Dialysis usually starts when you find it hard to keep up with your normal life. This is when your kidneys are working at about 10% of how they should be working.
Dialysis treatment must be done for the rest of your life, unless you have a kidney transplant.
How does dialysis work?
During haemodialysis your blood goes through a special machine called a ‘dialyser’. The machine removes waste and extra fluid from your blood before pumping it back into your body. You can do dialysis at a renal unit or in your home.
The blood leaves and then returns to your body through a needle, usually in your arm, neck, or leg.

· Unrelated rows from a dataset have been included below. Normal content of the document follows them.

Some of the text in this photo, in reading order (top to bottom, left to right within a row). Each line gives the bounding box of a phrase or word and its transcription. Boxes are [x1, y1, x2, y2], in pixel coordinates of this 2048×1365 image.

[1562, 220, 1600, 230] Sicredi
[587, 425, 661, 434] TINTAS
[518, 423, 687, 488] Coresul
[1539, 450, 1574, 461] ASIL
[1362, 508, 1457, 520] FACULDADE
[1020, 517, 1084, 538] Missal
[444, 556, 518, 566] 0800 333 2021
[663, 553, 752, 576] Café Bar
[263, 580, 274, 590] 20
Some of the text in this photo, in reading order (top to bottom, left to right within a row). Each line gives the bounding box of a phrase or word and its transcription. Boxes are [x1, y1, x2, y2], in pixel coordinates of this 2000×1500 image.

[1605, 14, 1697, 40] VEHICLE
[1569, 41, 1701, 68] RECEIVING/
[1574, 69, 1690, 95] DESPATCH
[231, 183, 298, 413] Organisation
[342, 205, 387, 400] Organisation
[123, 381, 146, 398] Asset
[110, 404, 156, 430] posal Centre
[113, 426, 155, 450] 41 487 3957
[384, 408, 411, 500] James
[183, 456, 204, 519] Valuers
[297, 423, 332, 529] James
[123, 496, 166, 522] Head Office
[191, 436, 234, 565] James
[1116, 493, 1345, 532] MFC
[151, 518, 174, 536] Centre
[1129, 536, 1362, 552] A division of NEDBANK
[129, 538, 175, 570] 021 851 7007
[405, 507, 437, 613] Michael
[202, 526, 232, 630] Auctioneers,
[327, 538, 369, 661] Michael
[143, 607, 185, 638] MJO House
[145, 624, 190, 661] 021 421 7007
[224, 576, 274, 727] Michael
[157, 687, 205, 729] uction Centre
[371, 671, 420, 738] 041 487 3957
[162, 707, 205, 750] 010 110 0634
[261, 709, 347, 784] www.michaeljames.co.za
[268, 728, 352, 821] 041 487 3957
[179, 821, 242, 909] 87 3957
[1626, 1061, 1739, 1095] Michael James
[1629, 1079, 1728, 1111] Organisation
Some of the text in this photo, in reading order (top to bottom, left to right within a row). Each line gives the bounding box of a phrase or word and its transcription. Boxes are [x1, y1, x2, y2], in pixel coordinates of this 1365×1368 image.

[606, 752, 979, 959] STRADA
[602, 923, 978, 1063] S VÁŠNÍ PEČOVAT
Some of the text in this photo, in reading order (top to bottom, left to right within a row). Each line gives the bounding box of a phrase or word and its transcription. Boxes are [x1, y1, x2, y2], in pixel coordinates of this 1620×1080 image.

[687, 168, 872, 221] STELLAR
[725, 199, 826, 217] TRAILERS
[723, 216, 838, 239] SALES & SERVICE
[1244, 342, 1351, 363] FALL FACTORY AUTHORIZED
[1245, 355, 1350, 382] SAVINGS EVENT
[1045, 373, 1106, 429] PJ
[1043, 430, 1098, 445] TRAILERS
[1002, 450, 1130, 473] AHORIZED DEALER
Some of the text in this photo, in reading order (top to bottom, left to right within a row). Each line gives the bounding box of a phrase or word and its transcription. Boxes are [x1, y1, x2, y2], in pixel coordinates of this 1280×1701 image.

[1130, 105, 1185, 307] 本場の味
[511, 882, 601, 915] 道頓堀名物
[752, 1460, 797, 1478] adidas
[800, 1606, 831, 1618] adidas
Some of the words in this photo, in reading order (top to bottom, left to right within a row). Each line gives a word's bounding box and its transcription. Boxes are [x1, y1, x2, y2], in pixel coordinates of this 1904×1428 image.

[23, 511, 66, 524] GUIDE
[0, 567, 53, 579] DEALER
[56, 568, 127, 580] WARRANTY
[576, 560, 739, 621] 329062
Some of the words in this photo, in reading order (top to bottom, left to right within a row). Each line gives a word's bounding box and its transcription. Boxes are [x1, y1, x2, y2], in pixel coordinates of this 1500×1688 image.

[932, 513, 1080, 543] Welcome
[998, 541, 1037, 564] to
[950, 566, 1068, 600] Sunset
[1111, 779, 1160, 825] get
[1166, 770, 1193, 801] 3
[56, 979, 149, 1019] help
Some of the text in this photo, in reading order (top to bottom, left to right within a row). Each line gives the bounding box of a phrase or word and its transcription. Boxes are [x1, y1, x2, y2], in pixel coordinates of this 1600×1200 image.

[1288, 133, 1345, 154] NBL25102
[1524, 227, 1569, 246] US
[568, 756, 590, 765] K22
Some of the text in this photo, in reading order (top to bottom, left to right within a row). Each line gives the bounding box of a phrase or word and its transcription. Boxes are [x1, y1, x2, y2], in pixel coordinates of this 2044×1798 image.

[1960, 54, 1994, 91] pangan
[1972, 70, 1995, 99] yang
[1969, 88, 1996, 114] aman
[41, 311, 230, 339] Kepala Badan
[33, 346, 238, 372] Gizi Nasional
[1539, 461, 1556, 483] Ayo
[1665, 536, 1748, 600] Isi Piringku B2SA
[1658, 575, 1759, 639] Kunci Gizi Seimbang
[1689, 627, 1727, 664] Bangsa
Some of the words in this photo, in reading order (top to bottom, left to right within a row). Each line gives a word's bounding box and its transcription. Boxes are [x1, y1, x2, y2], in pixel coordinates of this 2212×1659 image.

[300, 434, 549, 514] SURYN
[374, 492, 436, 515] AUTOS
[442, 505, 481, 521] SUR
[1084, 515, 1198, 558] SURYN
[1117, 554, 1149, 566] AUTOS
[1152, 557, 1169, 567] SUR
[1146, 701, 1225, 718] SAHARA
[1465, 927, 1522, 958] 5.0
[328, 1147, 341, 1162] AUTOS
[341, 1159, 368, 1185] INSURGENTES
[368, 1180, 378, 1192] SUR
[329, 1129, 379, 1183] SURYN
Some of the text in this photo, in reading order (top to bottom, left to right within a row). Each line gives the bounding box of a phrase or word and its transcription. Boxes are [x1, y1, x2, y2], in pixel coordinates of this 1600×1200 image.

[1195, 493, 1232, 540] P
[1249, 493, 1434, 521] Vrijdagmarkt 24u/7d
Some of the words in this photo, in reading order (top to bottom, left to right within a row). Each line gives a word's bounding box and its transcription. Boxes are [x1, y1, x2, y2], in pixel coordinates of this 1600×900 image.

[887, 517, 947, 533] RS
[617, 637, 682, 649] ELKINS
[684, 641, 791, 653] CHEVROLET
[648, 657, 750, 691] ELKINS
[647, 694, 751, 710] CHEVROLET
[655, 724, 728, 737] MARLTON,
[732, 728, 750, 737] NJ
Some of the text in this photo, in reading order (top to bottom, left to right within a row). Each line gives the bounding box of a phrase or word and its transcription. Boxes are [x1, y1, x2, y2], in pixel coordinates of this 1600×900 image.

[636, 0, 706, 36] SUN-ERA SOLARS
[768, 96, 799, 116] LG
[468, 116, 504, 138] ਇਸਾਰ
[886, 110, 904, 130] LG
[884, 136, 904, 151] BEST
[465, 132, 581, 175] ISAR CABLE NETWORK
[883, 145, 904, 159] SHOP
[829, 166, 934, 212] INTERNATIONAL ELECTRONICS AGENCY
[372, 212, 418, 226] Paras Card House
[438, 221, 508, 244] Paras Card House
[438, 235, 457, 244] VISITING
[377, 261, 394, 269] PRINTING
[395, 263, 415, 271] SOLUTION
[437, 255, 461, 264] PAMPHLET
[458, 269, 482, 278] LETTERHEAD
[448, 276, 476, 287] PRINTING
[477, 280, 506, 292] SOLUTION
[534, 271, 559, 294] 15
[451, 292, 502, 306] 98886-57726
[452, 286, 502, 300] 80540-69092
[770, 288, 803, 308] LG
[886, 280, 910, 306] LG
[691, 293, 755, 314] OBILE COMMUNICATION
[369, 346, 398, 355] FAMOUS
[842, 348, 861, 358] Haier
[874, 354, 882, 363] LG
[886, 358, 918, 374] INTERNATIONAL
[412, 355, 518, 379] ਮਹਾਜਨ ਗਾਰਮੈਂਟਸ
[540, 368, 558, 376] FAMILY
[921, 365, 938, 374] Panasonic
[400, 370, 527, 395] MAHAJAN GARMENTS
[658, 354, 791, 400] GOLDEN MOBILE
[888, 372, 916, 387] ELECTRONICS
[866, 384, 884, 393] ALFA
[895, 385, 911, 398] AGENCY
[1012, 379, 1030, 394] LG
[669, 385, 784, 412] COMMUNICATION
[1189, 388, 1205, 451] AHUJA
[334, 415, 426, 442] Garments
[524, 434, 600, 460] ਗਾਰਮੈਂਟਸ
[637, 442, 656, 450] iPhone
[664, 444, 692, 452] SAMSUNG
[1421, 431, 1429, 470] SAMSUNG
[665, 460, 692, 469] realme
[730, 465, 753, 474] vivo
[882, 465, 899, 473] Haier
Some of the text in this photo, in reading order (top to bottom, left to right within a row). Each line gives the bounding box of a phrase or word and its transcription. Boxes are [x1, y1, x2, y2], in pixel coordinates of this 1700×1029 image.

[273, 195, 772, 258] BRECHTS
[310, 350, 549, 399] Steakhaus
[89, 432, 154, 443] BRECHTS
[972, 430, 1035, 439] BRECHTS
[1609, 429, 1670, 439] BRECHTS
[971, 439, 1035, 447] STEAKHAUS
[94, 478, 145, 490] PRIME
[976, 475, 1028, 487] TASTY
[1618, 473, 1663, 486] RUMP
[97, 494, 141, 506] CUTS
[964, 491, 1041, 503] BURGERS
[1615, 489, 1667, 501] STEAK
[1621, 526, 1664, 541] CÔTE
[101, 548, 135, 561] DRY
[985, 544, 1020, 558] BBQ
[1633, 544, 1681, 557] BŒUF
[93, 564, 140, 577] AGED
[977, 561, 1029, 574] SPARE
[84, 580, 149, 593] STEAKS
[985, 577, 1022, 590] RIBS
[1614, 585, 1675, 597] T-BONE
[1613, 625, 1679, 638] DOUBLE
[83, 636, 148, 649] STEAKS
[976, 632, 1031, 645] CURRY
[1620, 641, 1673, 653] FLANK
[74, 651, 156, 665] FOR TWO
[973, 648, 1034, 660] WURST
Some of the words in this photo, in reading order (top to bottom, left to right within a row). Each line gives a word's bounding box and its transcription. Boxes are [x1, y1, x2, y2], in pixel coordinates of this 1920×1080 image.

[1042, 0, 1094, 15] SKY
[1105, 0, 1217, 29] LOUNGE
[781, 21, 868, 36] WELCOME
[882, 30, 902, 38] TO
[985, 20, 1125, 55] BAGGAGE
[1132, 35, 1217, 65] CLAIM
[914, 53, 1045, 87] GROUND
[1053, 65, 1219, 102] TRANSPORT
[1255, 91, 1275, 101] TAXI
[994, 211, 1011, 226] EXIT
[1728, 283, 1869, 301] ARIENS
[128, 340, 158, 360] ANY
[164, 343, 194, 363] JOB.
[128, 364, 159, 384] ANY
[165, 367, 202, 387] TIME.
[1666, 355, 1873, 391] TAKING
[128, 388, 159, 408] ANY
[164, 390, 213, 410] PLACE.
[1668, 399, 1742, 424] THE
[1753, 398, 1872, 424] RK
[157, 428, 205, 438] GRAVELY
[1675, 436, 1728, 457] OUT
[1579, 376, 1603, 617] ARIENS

During peritoneal dialysis fluid is pumped into a space in your abdomen (tummy) called the peritoneal cavity. The fluid enters and leaves through a catheter. A catheter is a thin, soft tube, about 30cm long that stays in place all the time.
Waste from your blood moves into the fluid in your peritoneal cavity. It is then removed from your body.
Peritoneal dialysis can be done at home each day either:
- manually (continuous ambulatory peritoneal dialysis)
- by a machine (automated peritoneal dialysis)
Life on dialysis
Although starting dialysis is a life changing event, it is possible to still have an active life. However, this may be different to your life before dialysis.
The type of dialysis that is right for you will depend on:
- how you live your life
- your vision
- your dexterity
- whether you have a carer
- where you live
Dialysis is an ongoing treatment. It's important that you don't miss a dialysis session.
Dialysis can often happen at home and overnight. Depending on your needs, some dialysis may be needed during the day.
This allows most people to continue to:
- be physically active
- maintain a balanced diet
- keep social engagements
- have intimate relationships
What is supportive care?
Supportive care is available to everyone with kidney failure.
Supportive care aims to help control the symptoms that you have so that you can enjoy a good quality of life.
A multidisciplinary care team will support you. They will give you support with:
- your medicines
- dietary advice
- symptom management such as pain, itch, and nausea
- deciding and planning for end-of-life care
Supportive care can also be an alternative to dialysis or kidney transplantation.
You might choose supportive care if you:
- don’t want dialysis treatment
- can’t have dialysis treatment
- stop dialysis treatment
- want to let life progress naturally
Resources and support
You can read more about kidney disease and dialysis on the Kidney Health Australia website.
You can call Kidney Health Australia on 1800 454 363 to get support around your kidney health.
You can also call the healthdirect helpline on 1800 022 222. A registered nurse is available 24 hours a day, 7 days a week.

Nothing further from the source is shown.